In the past three decades, there has been a clear mismatch between what has been expected of the SANS at a political level for years on the one hand, and its budget and capabilities on the other. The overall challenge for the SANW is not to forget that conventional defense is still central to the foundation for its existence, but to also remain ready for political calls to assist with peace operations in the region or the continent as a whole.

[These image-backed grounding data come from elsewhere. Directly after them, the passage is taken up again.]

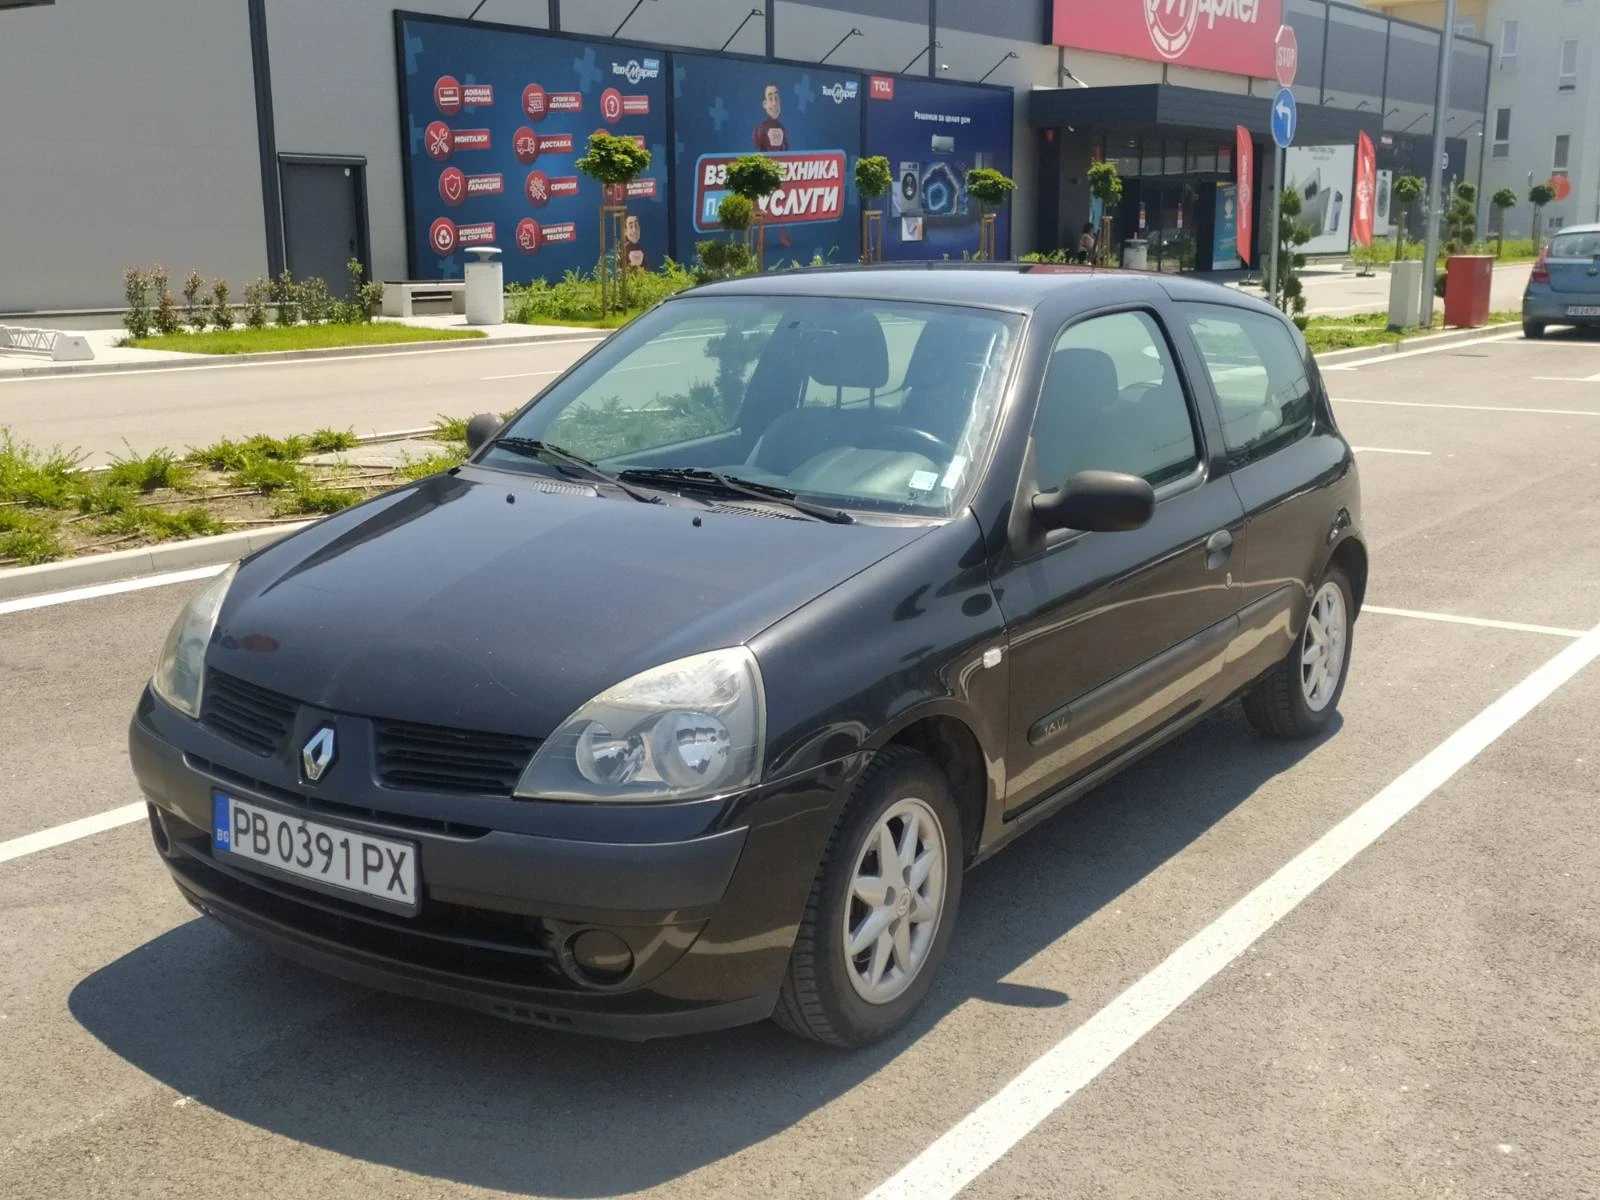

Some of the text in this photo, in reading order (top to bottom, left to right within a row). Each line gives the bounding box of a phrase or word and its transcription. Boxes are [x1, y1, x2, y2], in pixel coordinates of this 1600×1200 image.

[1278, 46, 1295, 67] STOP
[873, 80, 891, 93] TCL
[454, 135, 488, 144] МОНТАЖИ
[540, 140, 572, 149] ДОСТАВКА
[778, 160, 839, 182] ЕХНИКА
[216, 828, 230, 843] BG
[233, 806, 408, 895] PB 0391 PX

In addition, the SANW often has to support the SAPS in the delivery of security services in a crime-ridden and fragile South African society and secure national borders. It is demanding and everything has to be carried out with more or less 1% of the country’s GDP.

Therefore it is not surprising that the SANW is often described as underfunded and institutionally overstretched, and in fact has been in a critical state of continuous decline for some time.

  • Theo Neethling is attached to the department of political studies and government at the University of the Free State.